The kernel concept in .NET Interactive is a component that accepts commands and produces outputs. The commands are typically blocks of arbitrary code, and the outputs are events that describe the results and effects of that code. The Kernel class represents this core abstraction.
A kernel doesn't have to run in its own process. The default dotnet-interactive configuration runs several kernels in one process, enabling scenarios such as language-switching and .NET variable sharing. But one or more kernels can also run out-of-process, which will be transparent from the point of view of someone using it.
The dotnet-interactive tool also provides a number of protocols, including the Jupyter message protocol and a JSON protocol that can be accessed over either standard I/O or HTTP. These multiple protocols allow the core set of capabilities to be fairly portable.
All communication with a kernel takes place through a sequence of commands and events. The typical sequence starts with a command being sent to the kernel, which will reply with one or more events. The terminating event will always be either CommandSucceeded (if everything completed successfully) or CommandFailed (if there was a compilation error or runtime exception), but this will usually be preceded by one or more other events describing the results of the command.
The most common command is SubmitCode, which is used when a block of code is sent to the kernel for execution. A code submission is created each time you run a notebook cell. But a single submission may in fact generate multiple commands.
Consider the following submission to a C# kernel:
#!time
Console.WriteLine("Hi!");This submission will actually be broken into two commands, a SubmitCode for the Console.WriteLine call as well as an internal DirectiveCommand for the #!time magic command.
When this splitting occurs, the API still only returns a single terminating CommandSucceeded or CommandFailed event.
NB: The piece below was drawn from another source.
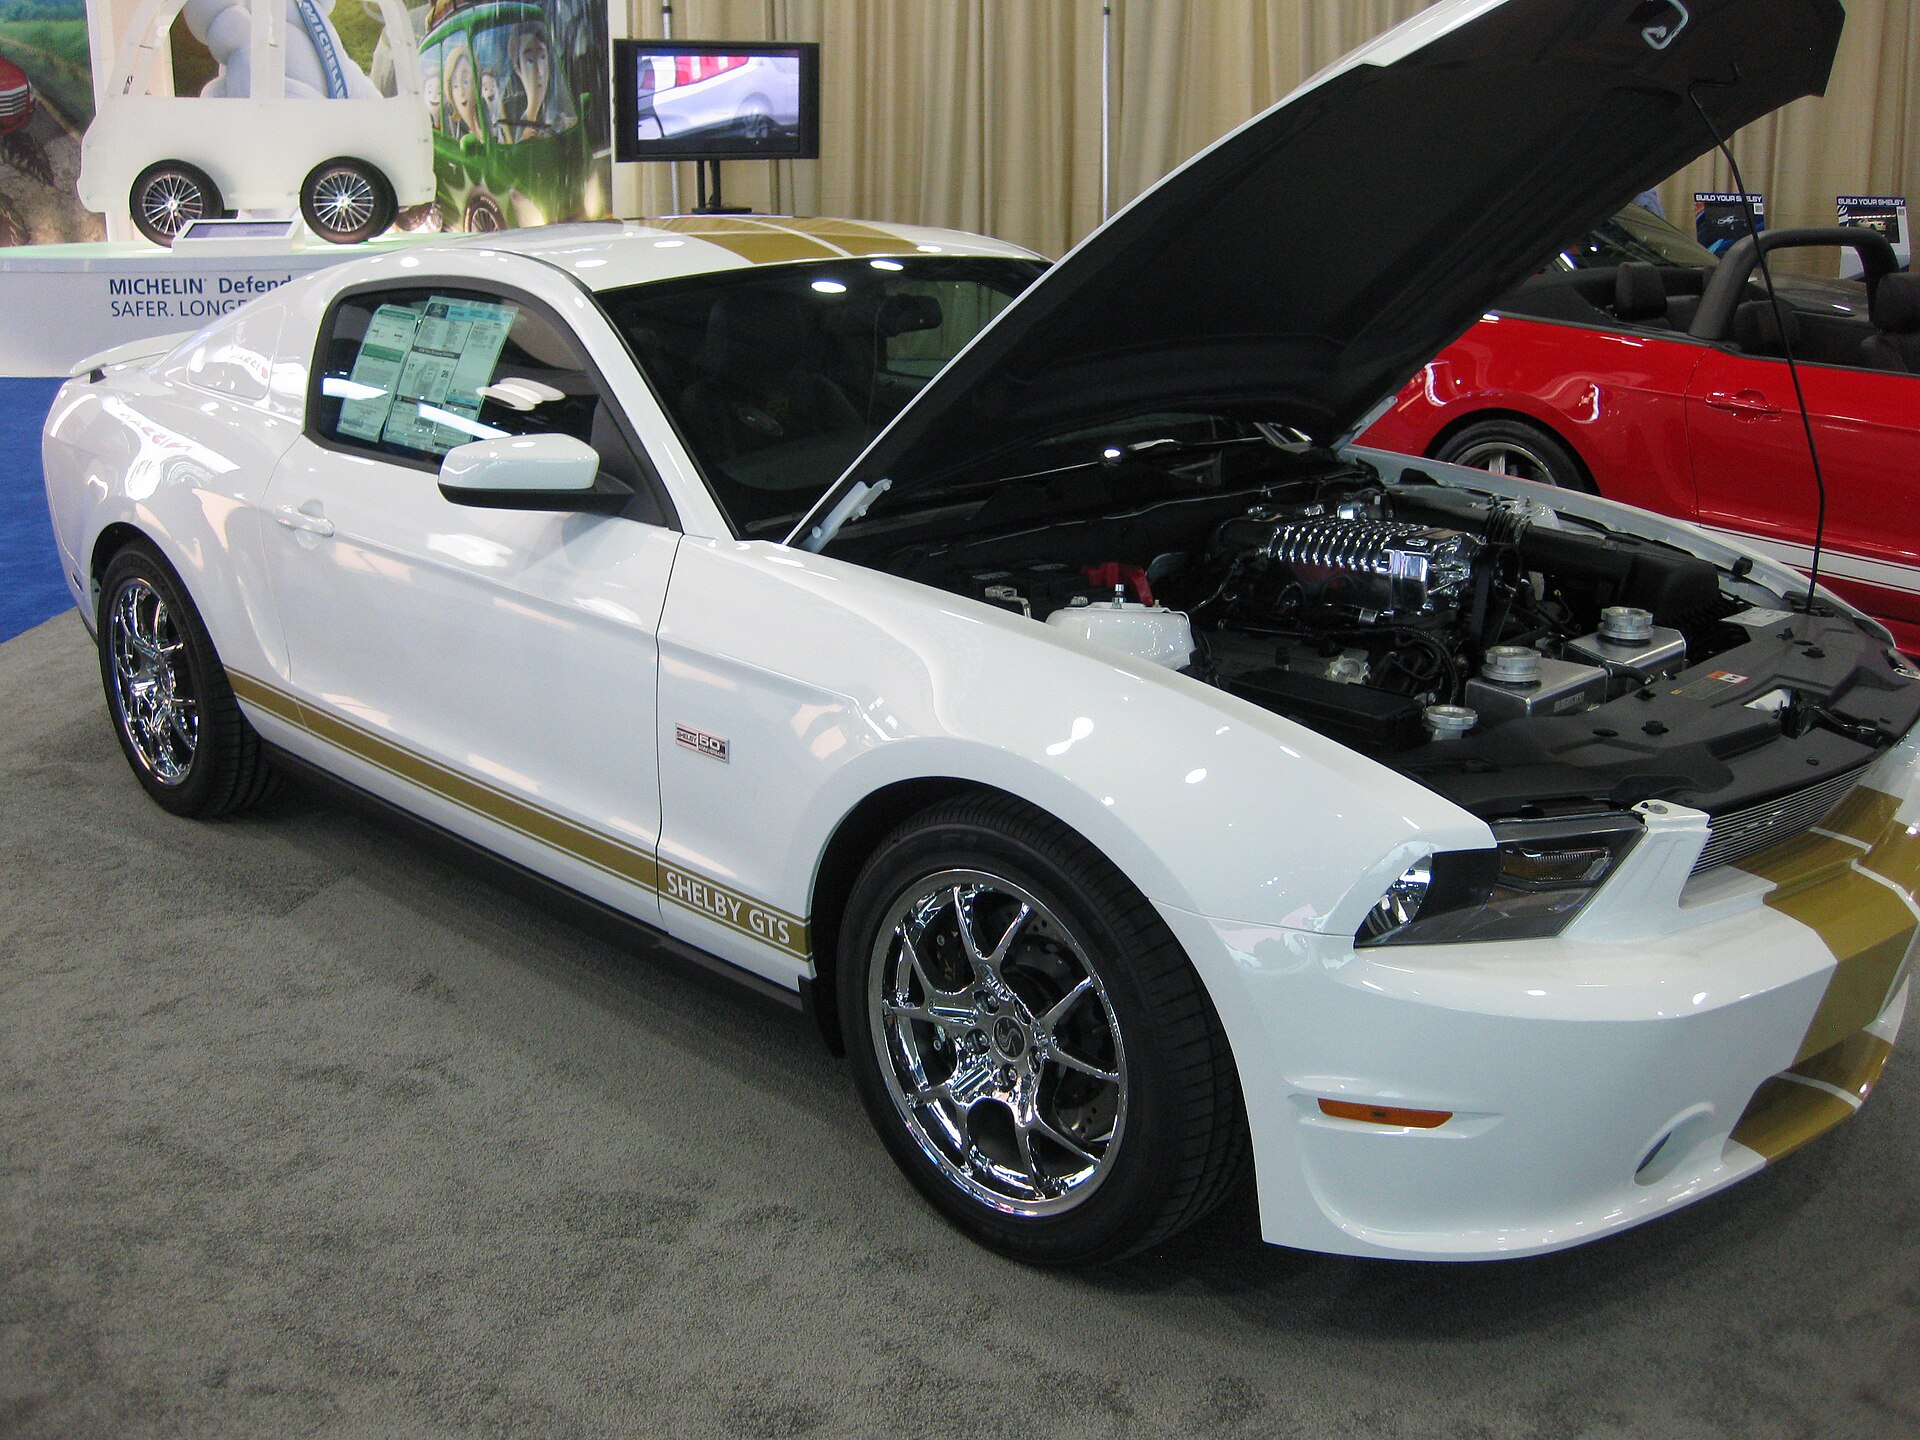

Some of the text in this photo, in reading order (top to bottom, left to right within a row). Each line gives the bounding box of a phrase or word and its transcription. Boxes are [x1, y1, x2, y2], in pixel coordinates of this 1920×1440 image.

Programmtically, you don't need to be concerned with whether a submission is going be split, but understanding this mechanism can be helpful, for example when implementing your own middleware behaviors.
You can see some additional examples of command and event interactions in the following diagram, illustrating different kinds of output as well as the behavior of a middleware component (for the #!time magic command) augmenting the behavior of a code submission by emitting an additional DisplayedValueProduced event.
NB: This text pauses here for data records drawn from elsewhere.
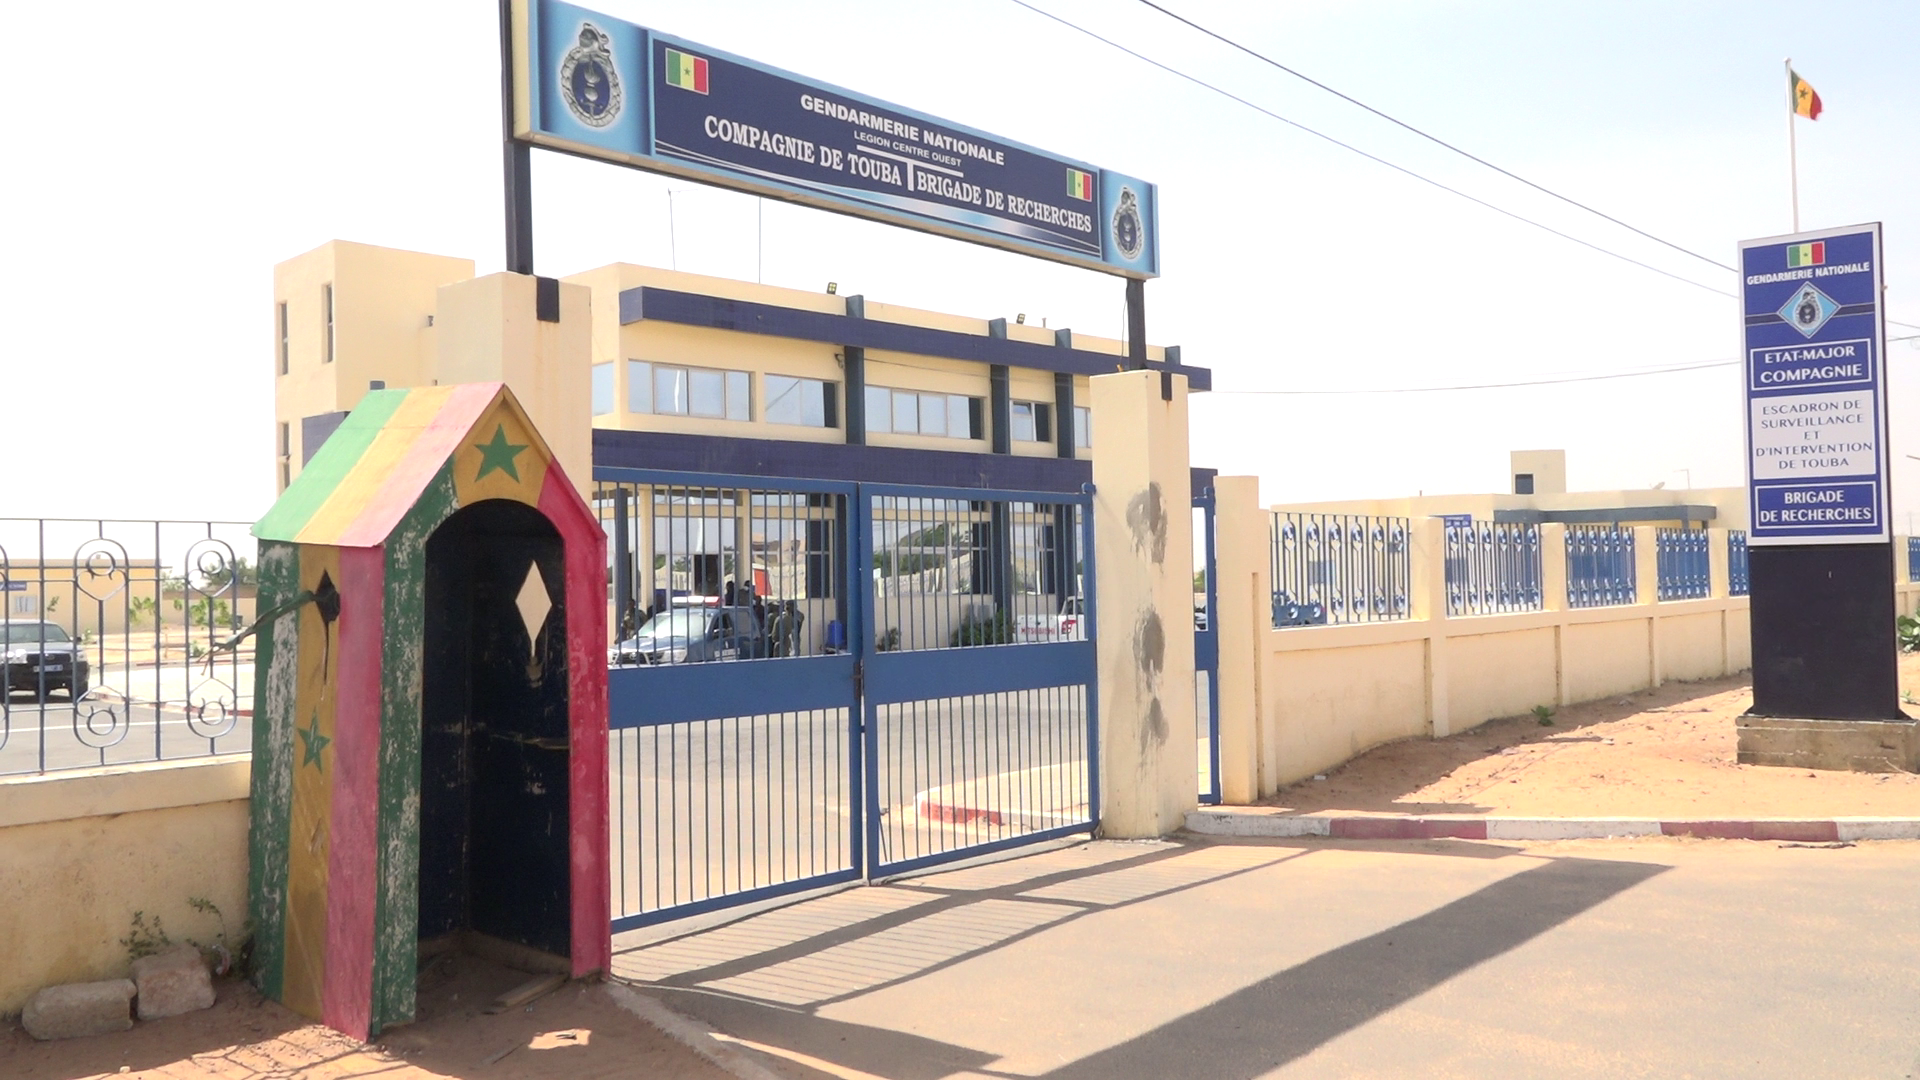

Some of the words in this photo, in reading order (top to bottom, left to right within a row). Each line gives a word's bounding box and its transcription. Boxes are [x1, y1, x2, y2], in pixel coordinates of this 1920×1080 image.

[800, 94, 919, 142] GENDARMERIE
[923, 127, 1005, 166] NATIONALE
[704, 114, 816, 164] COMPAGNIE
[820, 146, 843, 169] DE
[847, 152, 902, 186] TOUBA
[854, 130, 889, 149] LEGION
[892, 139, 930, 158] CENTRE
[931, 149, 962, 167] OUEST
[916, 170, 982, 205] BRIGADE
[985, 189, 1005, 211] DE
[1008, 196, 1092, 233] RECHERCHES
[1747, 269, 1813, 285] GENDARMERIE
[1815, 262, 1870, 277] NATIONALE
[1765, 346, 1855, 363] ETAT-MAJOR
[1760, 364, 1862, 383] COMPAGNIE
[1762, 402, 1839, 415] ESCADRON
[1843, 400, 1862, 410] DE
[1761, 414, 1864, 429] SURVEILLANCE
[1804, 431, 1820, 440] ET
[1756, 442, 1872, 457] D'INTERVENTION
[1779, 460, 1796, 470] DE
[1801, 458, 1849, 468] TOUBA
[1784, 490, 1844, 504] BRIGADE
[1760, 510, 1778, 522] DE
[1781, 507, 1872, 522] RECHERCHES
In the standard configuration, .NET Interactive uses multiple, nested kernels. These kernels share a common set of interfaces which allow them to be composed into different kinds of pipelines. This is the basis for supporting multiple languages, among other features. A user of a .NET Interactive notebook can specify the language for a code submission by prefixing a block of code with a magic command such as #!csharp, #!fsharp, or #!pwsh, or by using the language selector in the lower right corner of a Visual Studio Code notebook cell.
The language-selection magic commands will even allow you to submit code for multiple languages in a single notebook cell. Once again, the submission will be split into several commands, just like in the #!time example above. Consider this submission:
#!csharp
Console.WriteLine("Hello from C#!");
#!fsharp
"Hello from F#!" |> Console.WriteLineEven though this will initially be sent as a single SubmitCode command, it will be split into two different SubmitCode commands, each targeting the appropriate subcommand.
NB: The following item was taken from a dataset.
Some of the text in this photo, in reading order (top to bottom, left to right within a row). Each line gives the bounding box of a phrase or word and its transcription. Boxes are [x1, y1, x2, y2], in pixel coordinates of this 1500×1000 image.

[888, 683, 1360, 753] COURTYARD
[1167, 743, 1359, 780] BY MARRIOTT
The work of routing these commands is done by the CompositeKernel class, which wraps a number of subkernels. Here are some examples:
Note that while the composite configuration is the defaut when using the dotnet-interactive tool via Visual Studio Code or Jupyter, the .NET Interactive NuGet packages let you create other configurations. For example, you might provide a single-language embedded scripting experience using the C# kernel by itself, or you might provide multiple F# kernels each preconfigured to run code on a different processor.
The submission splitting behavior is implemented using .NET Interactive middleware. Each kernel has its own configurable middleware pipeline. You can think of the middleware pipeline as a chain of functions concatenated together. Each function in the chain can choose to perform operations before and/or after calling the continuation that will invoke the next function, or can opt to short-circuit the whole pipeline by not calling the continuation at all. This structure allows custom middleware to be added that can perform arbitrary tasks. Examples include executing additional commands (such as in the command-splitting examples), catching exceptions thrown by the inner operations, outputting timing and diagnostics, checking credentials, and more.